#### Task item:
In this exercise, every entry is to be copied exactly.

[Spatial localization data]
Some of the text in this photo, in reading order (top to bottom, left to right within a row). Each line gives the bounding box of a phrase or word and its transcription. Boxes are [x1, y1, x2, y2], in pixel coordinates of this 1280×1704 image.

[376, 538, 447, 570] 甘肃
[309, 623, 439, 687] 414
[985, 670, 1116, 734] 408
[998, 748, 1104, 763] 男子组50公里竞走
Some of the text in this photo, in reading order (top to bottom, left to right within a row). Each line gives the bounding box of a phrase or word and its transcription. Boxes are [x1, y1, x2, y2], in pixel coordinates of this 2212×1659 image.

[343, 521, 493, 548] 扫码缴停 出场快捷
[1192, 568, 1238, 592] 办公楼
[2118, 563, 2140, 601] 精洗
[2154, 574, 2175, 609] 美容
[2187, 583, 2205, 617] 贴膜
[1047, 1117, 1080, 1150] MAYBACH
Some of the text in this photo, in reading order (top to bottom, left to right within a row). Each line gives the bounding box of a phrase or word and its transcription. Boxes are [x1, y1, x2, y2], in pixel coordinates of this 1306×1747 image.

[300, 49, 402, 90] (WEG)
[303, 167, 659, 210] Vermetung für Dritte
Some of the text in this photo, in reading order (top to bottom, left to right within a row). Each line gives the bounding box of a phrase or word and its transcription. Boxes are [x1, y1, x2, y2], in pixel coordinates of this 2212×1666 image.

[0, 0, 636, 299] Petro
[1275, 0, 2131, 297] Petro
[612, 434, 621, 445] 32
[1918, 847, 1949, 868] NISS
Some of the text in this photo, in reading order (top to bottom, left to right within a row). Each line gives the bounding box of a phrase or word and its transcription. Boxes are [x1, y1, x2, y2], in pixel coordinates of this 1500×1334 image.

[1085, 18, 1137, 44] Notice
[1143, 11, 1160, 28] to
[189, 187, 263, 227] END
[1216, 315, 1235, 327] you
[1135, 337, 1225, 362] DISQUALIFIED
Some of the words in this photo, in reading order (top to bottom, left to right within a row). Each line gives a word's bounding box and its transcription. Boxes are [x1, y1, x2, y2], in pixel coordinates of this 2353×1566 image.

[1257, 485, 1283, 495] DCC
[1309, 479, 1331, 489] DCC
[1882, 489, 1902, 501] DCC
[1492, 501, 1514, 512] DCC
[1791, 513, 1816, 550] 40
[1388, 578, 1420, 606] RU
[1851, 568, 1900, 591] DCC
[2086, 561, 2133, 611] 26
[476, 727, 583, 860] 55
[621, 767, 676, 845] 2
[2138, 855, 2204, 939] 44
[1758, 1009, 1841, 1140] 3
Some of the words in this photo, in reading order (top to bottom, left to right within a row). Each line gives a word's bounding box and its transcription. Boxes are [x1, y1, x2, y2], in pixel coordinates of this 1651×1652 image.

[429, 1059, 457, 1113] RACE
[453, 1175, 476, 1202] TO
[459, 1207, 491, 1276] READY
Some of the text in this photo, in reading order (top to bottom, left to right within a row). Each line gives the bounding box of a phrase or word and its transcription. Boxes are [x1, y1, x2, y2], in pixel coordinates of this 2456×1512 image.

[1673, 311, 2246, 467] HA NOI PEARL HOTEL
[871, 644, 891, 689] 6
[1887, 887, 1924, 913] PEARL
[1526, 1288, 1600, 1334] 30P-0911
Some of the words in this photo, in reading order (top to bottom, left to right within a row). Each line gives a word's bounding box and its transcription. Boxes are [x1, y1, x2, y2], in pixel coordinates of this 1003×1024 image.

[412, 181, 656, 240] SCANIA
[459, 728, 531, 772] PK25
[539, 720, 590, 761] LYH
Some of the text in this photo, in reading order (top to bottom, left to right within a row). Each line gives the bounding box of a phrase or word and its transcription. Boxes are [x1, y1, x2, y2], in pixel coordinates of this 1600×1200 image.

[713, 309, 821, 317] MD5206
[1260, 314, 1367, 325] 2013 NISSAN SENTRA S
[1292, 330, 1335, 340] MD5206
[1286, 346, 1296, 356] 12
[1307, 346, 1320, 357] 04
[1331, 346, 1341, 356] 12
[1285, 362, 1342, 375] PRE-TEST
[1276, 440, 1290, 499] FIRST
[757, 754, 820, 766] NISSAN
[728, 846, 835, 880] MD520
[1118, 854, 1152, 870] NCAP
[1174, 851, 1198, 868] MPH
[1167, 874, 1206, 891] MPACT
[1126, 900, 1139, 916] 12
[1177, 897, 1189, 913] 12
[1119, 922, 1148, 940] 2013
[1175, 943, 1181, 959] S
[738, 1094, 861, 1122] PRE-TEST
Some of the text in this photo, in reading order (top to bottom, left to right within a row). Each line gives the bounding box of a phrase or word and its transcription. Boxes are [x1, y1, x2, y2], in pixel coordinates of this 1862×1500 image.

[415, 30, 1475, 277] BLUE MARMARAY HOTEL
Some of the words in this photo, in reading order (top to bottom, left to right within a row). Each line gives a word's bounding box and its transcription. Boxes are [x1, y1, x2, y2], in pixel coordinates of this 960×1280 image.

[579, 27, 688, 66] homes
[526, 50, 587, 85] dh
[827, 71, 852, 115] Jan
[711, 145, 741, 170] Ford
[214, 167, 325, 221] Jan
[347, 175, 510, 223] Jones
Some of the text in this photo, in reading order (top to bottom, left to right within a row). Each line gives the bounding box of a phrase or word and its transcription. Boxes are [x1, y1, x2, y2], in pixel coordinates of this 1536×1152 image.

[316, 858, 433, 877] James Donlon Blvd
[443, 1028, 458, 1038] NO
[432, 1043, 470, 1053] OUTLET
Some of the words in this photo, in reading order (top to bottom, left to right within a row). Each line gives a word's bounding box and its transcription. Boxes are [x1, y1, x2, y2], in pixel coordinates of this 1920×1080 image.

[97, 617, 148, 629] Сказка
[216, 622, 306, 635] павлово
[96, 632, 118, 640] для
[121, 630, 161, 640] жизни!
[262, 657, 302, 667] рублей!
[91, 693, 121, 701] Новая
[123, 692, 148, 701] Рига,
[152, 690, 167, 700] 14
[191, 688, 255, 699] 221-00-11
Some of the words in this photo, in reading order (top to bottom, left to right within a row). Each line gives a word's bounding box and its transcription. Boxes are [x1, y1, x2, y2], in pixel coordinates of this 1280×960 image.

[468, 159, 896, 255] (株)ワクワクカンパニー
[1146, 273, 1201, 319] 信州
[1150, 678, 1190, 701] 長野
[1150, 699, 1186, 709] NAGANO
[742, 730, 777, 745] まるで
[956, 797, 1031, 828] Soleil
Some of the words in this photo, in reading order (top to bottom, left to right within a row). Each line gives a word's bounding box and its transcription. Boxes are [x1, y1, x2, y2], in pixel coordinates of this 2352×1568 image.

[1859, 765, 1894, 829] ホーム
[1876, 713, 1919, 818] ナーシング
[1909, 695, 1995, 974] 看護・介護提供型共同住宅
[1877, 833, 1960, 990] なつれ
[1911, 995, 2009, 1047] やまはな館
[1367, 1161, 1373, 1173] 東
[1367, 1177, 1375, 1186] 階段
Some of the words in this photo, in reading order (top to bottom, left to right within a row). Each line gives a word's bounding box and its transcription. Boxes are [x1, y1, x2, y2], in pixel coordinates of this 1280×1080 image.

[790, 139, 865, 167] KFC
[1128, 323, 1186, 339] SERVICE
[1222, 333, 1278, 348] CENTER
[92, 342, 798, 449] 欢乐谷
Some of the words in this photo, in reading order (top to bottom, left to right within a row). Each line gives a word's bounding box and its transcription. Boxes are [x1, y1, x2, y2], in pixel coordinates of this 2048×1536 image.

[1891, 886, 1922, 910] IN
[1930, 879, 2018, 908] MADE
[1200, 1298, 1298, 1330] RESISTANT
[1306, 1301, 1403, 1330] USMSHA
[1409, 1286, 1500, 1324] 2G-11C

#### Task output:
Some of the text in this photo, in reading order (top to bottom, left to right within a row). Each line gives the bounding box of a phrase or word and its transcription. Boxes are [x1, y1, x2, y2], in pixel coordinates of this 1280×1704 image.

[376, 538, 447, 570] 甘肃
[309, 623, 439, 687] 414
[985, 670, 1116, 734] 408
[998, 748, 1104, 763] 男子组50公里竞走
Some of the text in this photo, in reading order (top to bottom, left to right within a row). Each line gives the bounding box of a phrase or word and its transcription. Boxes are [x1, y1, x2, y2], in pixel coordinates of this 2212×1659 image.

[343, 521, 493, 548] 扫码缴停 出场快捷
[1192, 568, 1238, 592] 办公楼
[2118, 563, 2140, 601] 精洗
[2154, 574, 2175, 609] 美容
[2187, 583, 2205, 617] 贴膜
[1047, 1117, 1080, 1150] MAYBACH
Some of the text in this photo, in reading order (top to bottom, left to right within a row). Each line gives the bounding box of a phrase or word and its transcription. Boxes are [x1, y1, x2, y2], in pixel coordinates of this 1306×1747 image.

[300, 49, 402, 90] (WEG)
[303, 167, 659, 210] Vermetung für Dritte
Some of the text in this photo, in reading order (top to bottom, left to right within a row). Each line gives the bounding box of a phrase or word and its transcription. Boxes are [x1, y1, x2, y2], in pixel coordinates of this 2212×1666 image.

[0, 0, 636, 299] Petro
[1275, 0, 2131, 297] Petro
[612, 434, 621, 445] 32
[1918, 847, 1949, 868] NISS
Some of the text in this photo, in reading order (top to bottom, left to right within a row). Each line gives the bounding box of a phrase or word and its transcription. Boxes are [x1, y1, x2, y2], in pixel coordinates of this 1500×1334 image.

[1085, 18, 1137, 44] Notice
[1143, 11, 1160, 28] to
[189, 187, 263, 227] END
[1216, 315, 1235, 327] you
[1135, 337, 1225, 362] DISQUALIFIED
Some of the words in this photo, in reading order (top to bottom, left to right within a row). Each line gives a word's bounding box and its transcription. Boxes are [x1, y1, x2, y2], in pixel coordinates of this 2353×1566 image.

[1257, 485, 1283, 495] DCC
[1309, 479, 1331, 489] DCC
[1882, 489, 1902, 501] DCC
[1492, 501, 1514, 512] DCC
[1791, 513, 1816, 550] 40
[1388, 578, 1420, 606] RU
[1851, 568, 1900, 591] DCC
[2086, 561, 2133, 611] 26
[476, 727, 583, 860] 55
[621, 767, 676, 845] 2
[2138, 855, 2204, 939] 44
[1758, 1009, 1841, 1140] 3
Some of the words in this photo, in reading order (top to bottom, left to right within a row). Each line gives a word's bounding box and its transcription. Boxes are [x1, y1, x2, y2], in pixel coordinates of this 1651×1652 image.

[429, 1059, 457, 1113] RACE
[453, 1175, 476, 1202] TO
[459, 1207, 491, 1276] READY
Some of the text in this photo, in reading order (top to bottom, left to right within a row). Each line gives the bounding box of a phrase or word and its transcription. Boxes are [x1, y1, x2, y2], in pixel coordinates of this 2456×1512 image.

[1673, 311, 2246, 467] HA NOI PEARL HOTEL
[871, 644, 891, 689] 6
[1887, 887, 1924, 913] PEARL
[1526, 1288, 1600, 1334] 30P-0911
Some of the words in this photo, in reading order (top to bottom, left to right within a row). Each line gives a word's bounding box and its transcription. Boxes are [x1, y1, x2, y2], in pixel coordinates of this 1003×1024 image.

[412, 181, 656, 240] SCANIA
[459, 728, 531, 772] PK25
[539, 720, 590, 761] LYH
Some of the text in this photo, in reading order (top to bottom, left to right within a row). Each line gives the bounding box of a phrase or word and its transcription. Boxes are [x1, y1, x2, y2], in pixel coordinates of this 1600×1200 image.

[713, 309, 821, 317] MD5206
[1260, 314, 1367, 325] 2013 NISSAN SENTRA S
[1292, 330, 1335, 340] MD5206
[1286, 346, 1296, 356] 12
[1307, 346, 1320, 357] 04
[1331, 346, 1341, 356] 12
[1285, 362, 1342, 375] PRE-TEST
[1276, 440, 1290, 499] FIRST
[757, 754, 820, 766] NISSAN
[728, 846, 835, 880] MD520
[1118, 854, 1152, 870] NCAP
[1174, 851, 1198, 868] MPH
[1167, 874, 1206, 891] MPACT
[1126, 900, 1139, 916] 12
[1177, 897, 1189, 913] 12
[1119, 922, 1148, 940] 2013
[1175, 943, 1181, 959] S
[738, 1094, 861, 1122] PRE-TEST
Some of the text in this photo, in reading order (top to bottom, left to right within a row). Each line gives the bounding box of a phrase or word and its transcription. Boxes are [x1, y1, x2, y2], in pixel coordinates of this 1862×1500 image.

[415, 30, 1475, 277] BLUE MARMARAY HOTEL
Some of the words in this photo, in reading order (top to bottom, left to right within a row). Each line gives a word's bounding box and its transcription. Boxes are [x1, y1, x2, y2], in pixel coordinates of this 960×1280 image.

[579, 27, 688, 66] homes
[526, 50, 587, 85] dh
[827, 71, 852, 115] Jan
[711, 145, 741, 170] Ford
[214, 167, 325, 221] Jan
[347, 175, 510, 223] Jones
Some of the text in this photo, in reading order (top to bottom, left to right within a row). Each line gives the bounding box of a phrase or word and its transcription. Boxes are [x1, y1, x2, y2], in pixel coordinates of this 1536×1152 image.

[316, 858, 433, 877] James Donlon Blvd
[443, 1028, 458, 1038] NO
[432, 1043, 470, 1053] OUTLET
Some of the words in this photo, in reading order (top to bottom, left to right within a row). Each line gives a word's bounding box and its transcription. Boxes are [x1, y1, x2, y2], in pixel coordinates of this 1920×1080 image.

[97, 617, 148, 629] Сказка
[216, 622, 306, 635] павлово
[96, 632, 118, 640] для
[121, 630, 161, 640] жизни!
[262, 657, 302, 667] рублей!
[91, 693, 121, 701] Новая
[123, 692, 148, 701] Рига,
[152, 690, 167, 700] 14
[191, 688, 255, 699] 221-00-11
Some of the words in this photo, in reading order (top to bottom, left to right within a row). Each line gives a word's bounding box and its transcription. Boxes are [x1, y1, x2, y2], in pixel coordinates of this 1280×960 image.

[468, 159, 896, 255] (株)ワクワクカンパニー
[1146, 273, 1201, 319] 信州
[1150, 678, 1190, 701] 長野
[1150, 699, 1186, 709] NAGANO
[742, 730, 777, 745] まるで
[956, 797, 1031, 828] Soleil
Some of the words in this photo, in reading order (top to bottom, left to right within a row). Each line gives a word's bounding box and its transcription. Boxes are [x1, y1, x2, y2], in pixel coordinates of this 2352×1568 image.

[1859, 765, 1894, 829] ホーム
[1876, 713, 1919, 818] ナーシング
[1909, 695, 1995, 974] 看護・介護提供型共同住宅
[1877, 833, 1960, 990] なつれ
[1911, 995, 2009, 1047] やまはな館
[1367, 1161, 1373, 1173] 東
[1367, 1177, 1375, 1186] 階段
Some of the words in this photo, in reading order (top to bottom, left to right within a row). Each line gives a word's bounding box and its transcription. Boxes are [x1, y1, x2, y2], in pixel coordinates of this 1280×1080 image.

[790, 139, 865, 167] KFC
[1128, 323, 1186, 339] SERVICE
[1222, 333, 1278, 348] CENTER
[92, 342, 798, 449] 欢乐谷
Some of the words in this photo, in reading order (top to bottom, left to right within a row). Each line gives a word's bounding box and its transcription. Boxes are [x1, y1, x2, y2], in pixel coordinates of this 2048×1536 image.

[1891, 886, 1922, 910] IN
[1930, 879, 2018, 908] MADE
[1200, 1298, 1298, 1330] RESISTANT
[1306, 1301, 1403, 1330] USMSHA
[1409, 1286, 1500, 1324] 2G-11C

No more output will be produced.